Charles Birkeland

PhD University of Washington (Zoology), 1970

Adjunct Associate Professor, Department of Zoology
Assistant Leader, Hawai’i Cooperative Fishery Research Unit

Department of Zoology, University of Hawai`i
2538 McCarthy Mall, Edmondson 152
Honolulu, HI 96822
phone: (808) 956-8350
fax: (808) 956-4238
charlesbirkeland@hotmail.com, charlesb@hawaii.edu

Coral reef ecology and management, marine community ecology

[publications]
My research has been mainly on coral reef  communities: 1) why some recover from damage by human activities and others do not; and 2) how coral reef resources should be managed. For the first topic, I’ve focused on the interactions of crustose coralline algae, coral recruitment and herbivorous fishes, and especially how these interactions are affected by overfishing and by nutrient input. For the second topic, I’ve focused on the biological characteristics and life histories of the targeted coral-reef species and on the nature of ecosystem processes of coral reefs. These aspects are both so different from those of other marine communities that the resources of coral reefs must be managed in a fundamentally different way.
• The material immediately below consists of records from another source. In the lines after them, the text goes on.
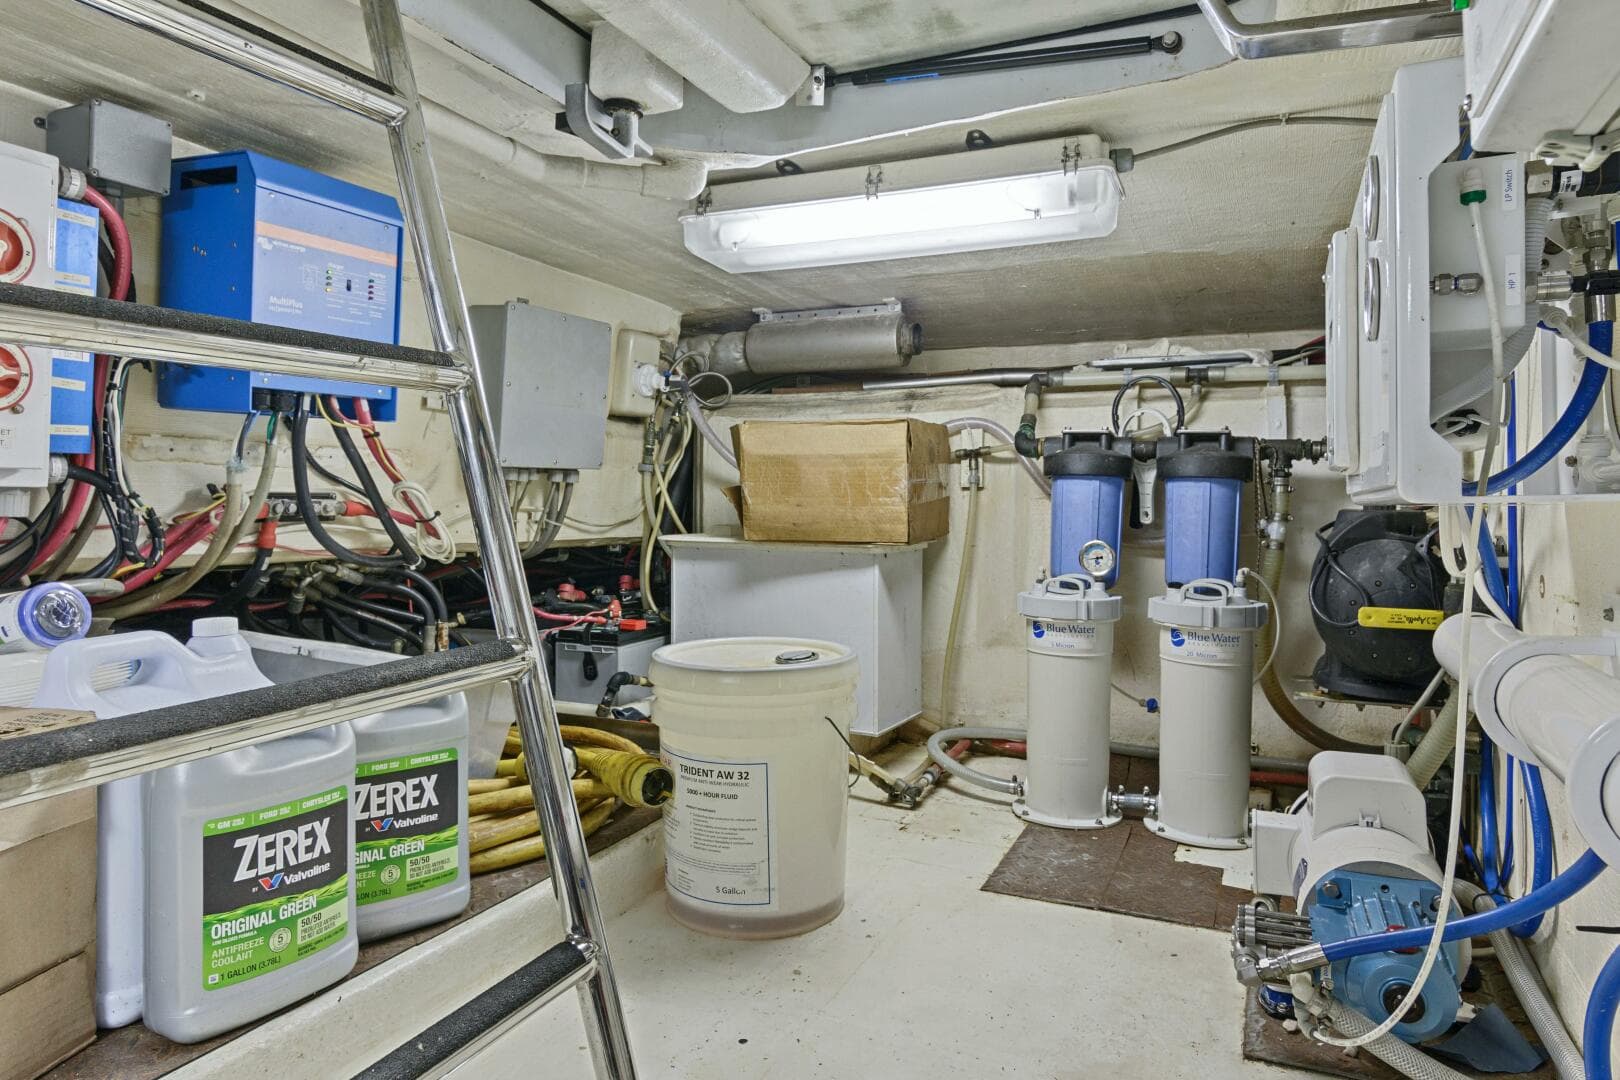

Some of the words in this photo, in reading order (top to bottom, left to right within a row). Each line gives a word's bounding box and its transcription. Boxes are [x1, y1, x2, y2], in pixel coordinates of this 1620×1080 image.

[1504, 169, 1513, 193] Switch
[1508, 280, 1517, 289] HP
[1046, 623, 1067, 634] Blue
[1067, 624, 1096, 635] Water
[1187, 631, 1210, 642] Blue
[1211, 633, 1241, 643] Water
[679, 763, 715, 779] TRIDENT
[716, 770, 735, 780] AW
[737, 771, 750, 781] 32
[354, 774, 440, 820] ZEREX
[392, 813, 439, 829] Valvoline
[233, 816, 331, 882] ZEREX
[389, 839, 425, 858] GREEN
[409, 855, 430, 867] 50/50
[283, 862, 331, 885] Valvoline
[387, 869, 393, 878] 5
[721, 886, 746, 895] Gallon
[211, 909, 276, 939] ORIGINAL
[279, 895, 317, 919] GREEN
[301, 912, 322, 928] 50/50
[211, 936, 265, 959] ANTIFREEZE
[278, 935, 284, 943] 5
[211, 950, 254, 968] COOLANT
[227, 963, 257, 979] GALLON
[258, 955, 282, 970] (3.78L)
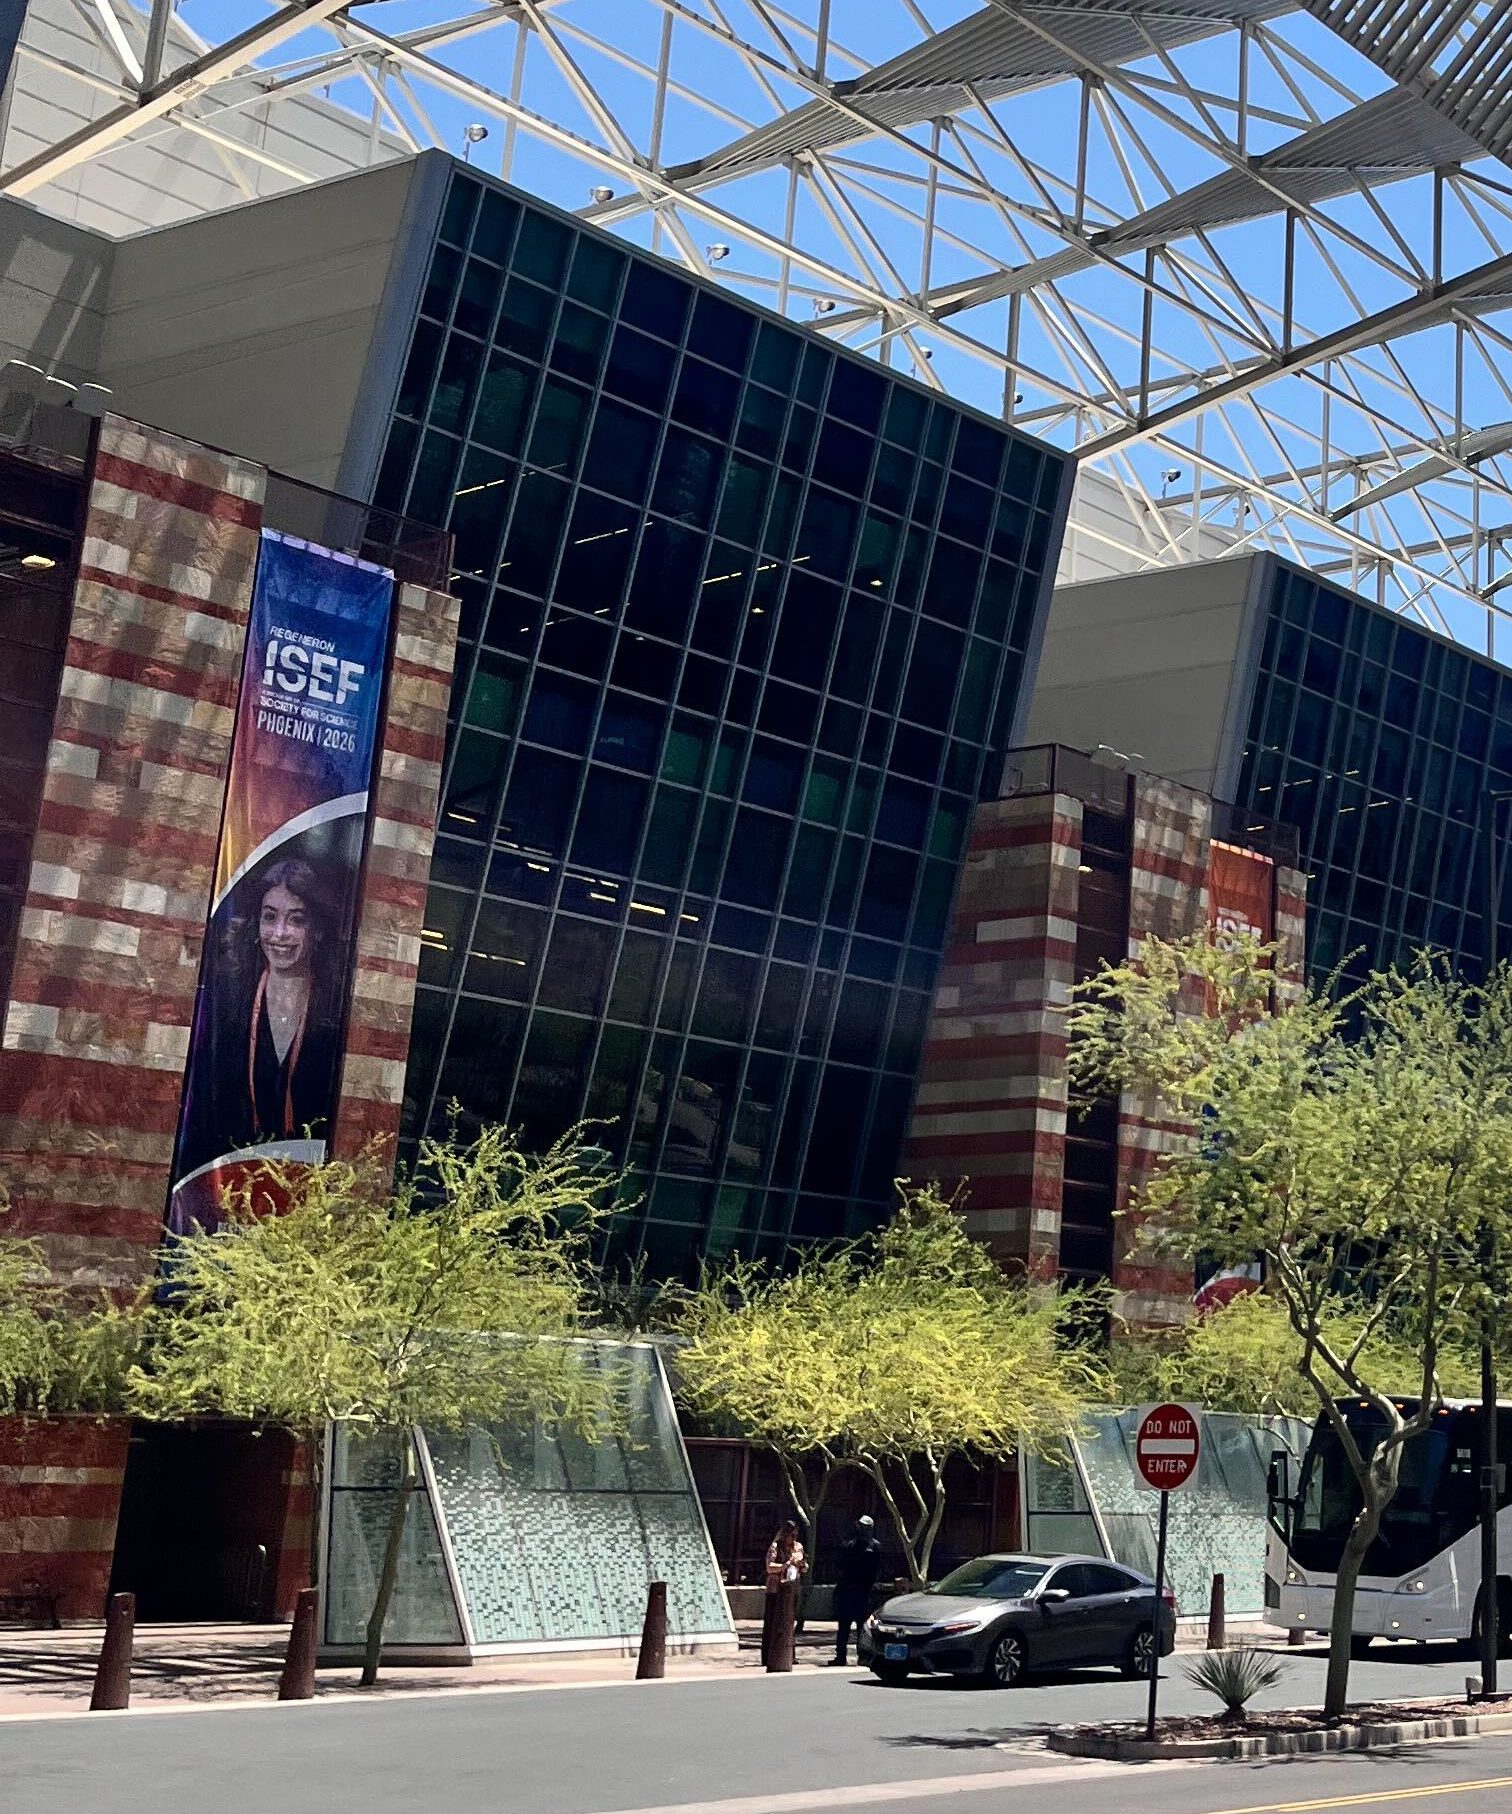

Since I’ve come to Hawaii, I have started to examine whether Marine Protected Areas affect ecosystem processes such as coral recruitment and substratum binding and whether MPAs increase the fisheries yield beyond the MPA boundaries. The Hawaiian concept of ahupua’a, or management on the basis of watershed, is being examined in the north coast valley of Kahana as the output of the river increases.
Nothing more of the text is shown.